I’d always been amazed by installing anything new into a place previously devoid of facility, be it tap, light switch, electrical outlet or as in this case a whole bathroom. Some might say that I have not done enough of this sort of work to loose that sense of wonder, of child like excitement and magic I felt, every time I completed an installation. That may well be true but which position would you prefer to find yourself in? One where you experienced magic in the mundane or one where repetition has turned the magical into the mundane? You see when I turned on that tap I had an overriding sense of gratitude. Not only for the fact that is had worked and was not leaking all over the floor but for the privilege of being able to have water come to me. Finally this room had gone from bedroom to bathroom from no running water, no tap, bath or toilet to literally having it all at my fingertips.

For some a tap bringing water would not only be magical it would be a miracle. For the one in ten people on this planet who don’t have access to clean running water this would be the greatest gift. Yet how quickly does it all become normal and just something else needing to be cleaned?

As I look back I could cite enumerable examples where assumption has taken precious gifts in my life and turned them into “just stuff”, stuff so taken for granted that it no longer registered as I went about my day. Like that amazing feeling of freedom when you first pass your driving test, no longer beholden to another to get from A to B you aimlessly take to the road just because you can.

So where did that amazing feeling go, what happened to the magic of motoring?  Well the thief came and stole it, the thief known as “Assumption” and with it he took our gratitude, our sense of wonder and the ability to just be in the moment and enjoy this newly discovered freedom.

“Ah yes, being in the moment!!!”  I spent many years meditating following the wise words of a spiritual teacher, hoping he would help me find my way to Nirvana. Yet till that moment in time the easiest way to be totally in the moment was when experiencing extreme pain. Like the tennis ball served at me from the racket of a very tall and strong opponent finding contact with my nether regions before my racket could intercept. At that point nothing else existed, past and future were of no concern, only now existed, only extreme pain. Assumption of what is to come can so easily take us out of the moment. Assuming the next moment, the next day, steals our ability to be present, racing ahead planning scheming, declaring that once I had sorted out… then I will be ok. But that moment often never comes…

 

Like many things in life, assumptions can be helpful at times and    hinder at others. It would be all but impossible to eradicate assumption from the human psyche and even if we could would it actually be of benefit? We may not be able to affect the assumptions of others but we can take stock and re-evaluate our own and how they have molded us into the people we are today. If we were able to enlist the assistance of hindsight how often would we discover that assumption had hindered more than it helped? As we continue with assumption under the microscope we see that they can often take us off course, erasing appreciation, negating gratitude. So rather than trying so hard in life to be grateful and appreciative and often falling short, maybe all we need to do is to stop assuming.

Assumptions may not always be of our own making; some may have been handed down, one generation to the next. Assumption is often the fertilizer that many things including prejudice are cultivated in.

Assumption is the thief who steals away appreciation from an act of kindness or generosity, demoting such acts to mere expectations. How often do mothers feel taken for granted? How much is silently assumed on the part of her child who asks yet silently assumes compliance to their instruction? “No” is not an option that they are prepared for. In such an exchange both parties loose, both parties denied the precious jewel found within giving and receiving. This is the gift that assumption brings. Assumption can make meaning where meaning is lacking, a meaning that may be far from the truth.

The more we probe the more we see how invasive assumption can be. In the search for inner peace and tranquility many strive for the here and now, the perfection of the moment. Yet assumption has no place in the here and now, no place in this moment.

So I invite you to notice your assumptions, to ask how valid or in fact true each one is and how different life would be without it.
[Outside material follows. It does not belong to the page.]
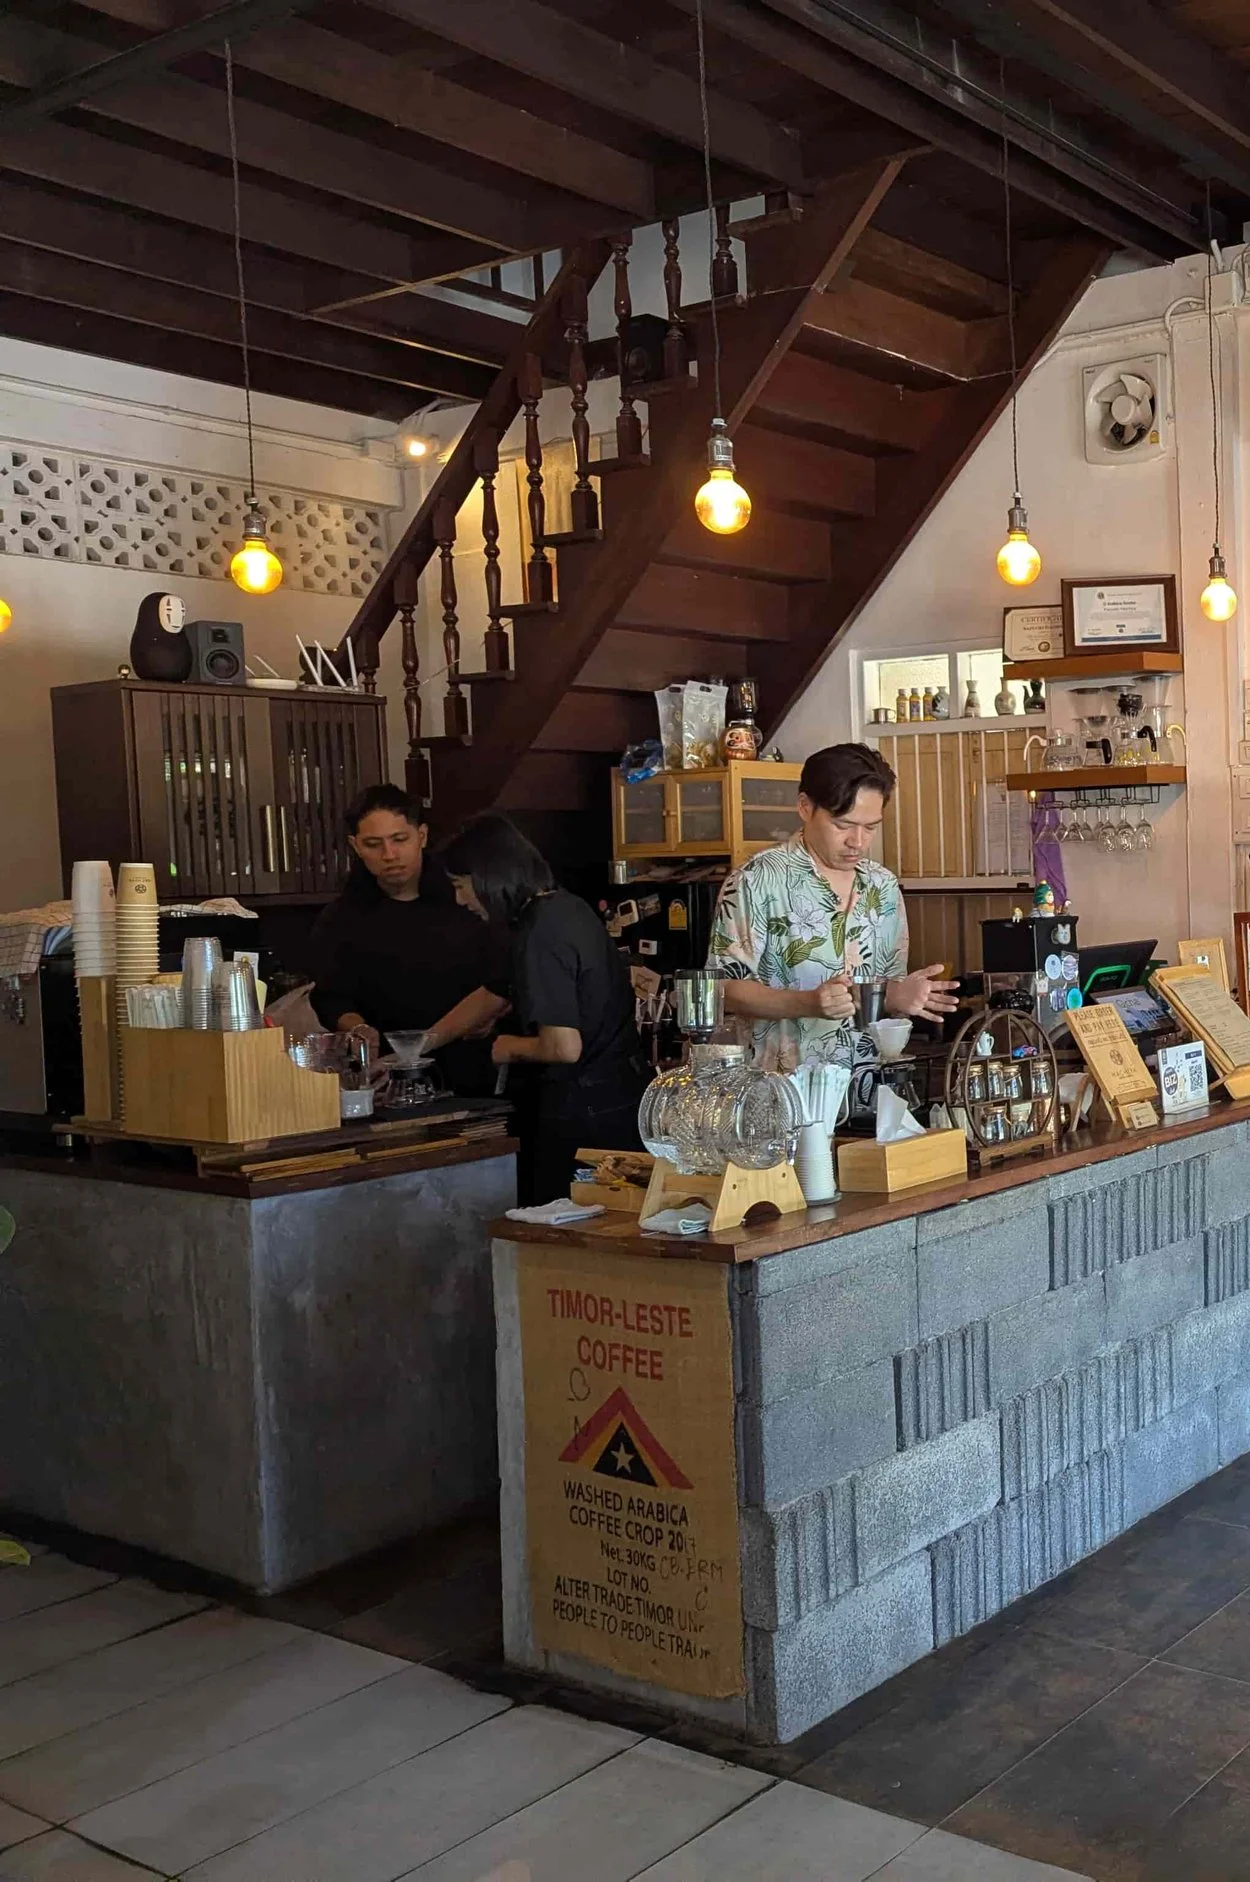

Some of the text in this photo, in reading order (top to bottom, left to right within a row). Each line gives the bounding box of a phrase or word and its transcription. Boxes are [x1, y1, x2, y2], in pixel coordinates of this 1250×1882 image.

How would life improve if we reduced our assumptions and how much more would our appreciation and gratitude grow, enabling us to enjoy the wonder of this precious present moment?

 

A Mental Health crisis or a symptom of a far greater crisis?

A recent survey carried out by the Royal College of Occupational Therapists to coincide with Mental Health Awareness week concluded that six out of ten MPs questioned feared stigma over disclosing their own battles with mental health and the resulting public backlash. The report went on to show that 80% of Parliamentarians had either suffered mental ill health themselves or supported a family member through difficulties. So why would such eminent people be scared of being associated with issues that the world at large is trying so hard to embrace with open arms? Could it be that the term “Mental Health” is not only confusing but also misleading and potentially harmful? With such a profound lack of descriptive language in the area of “Human Wellbeing” much is left to vague interpretation.

Traditionally, when one referred to mental health it was a term used in the context of mental illness to describe particular, defined psychological conditions that rendered a person unable to continue life with mental clarity and thus making cognition difficult and leading in some circumstances to a form of psychotic breakdown. Today though, when you look up the term Mental Health the definition does not only include recognised mental conditions but also makes reference to emotional health and social wellbeing. These extremely important areas need to be given equal billing and not listed as sub groups or aspects of mental health. This clumsy clumping together creates more confusion than it does clarity to areas of life that already have highly blurred lines of demarcation and definition. This could explain why numerous professionals I have talked to comment that there is no way they would want any reference to mental health mentioned anywhere on their file.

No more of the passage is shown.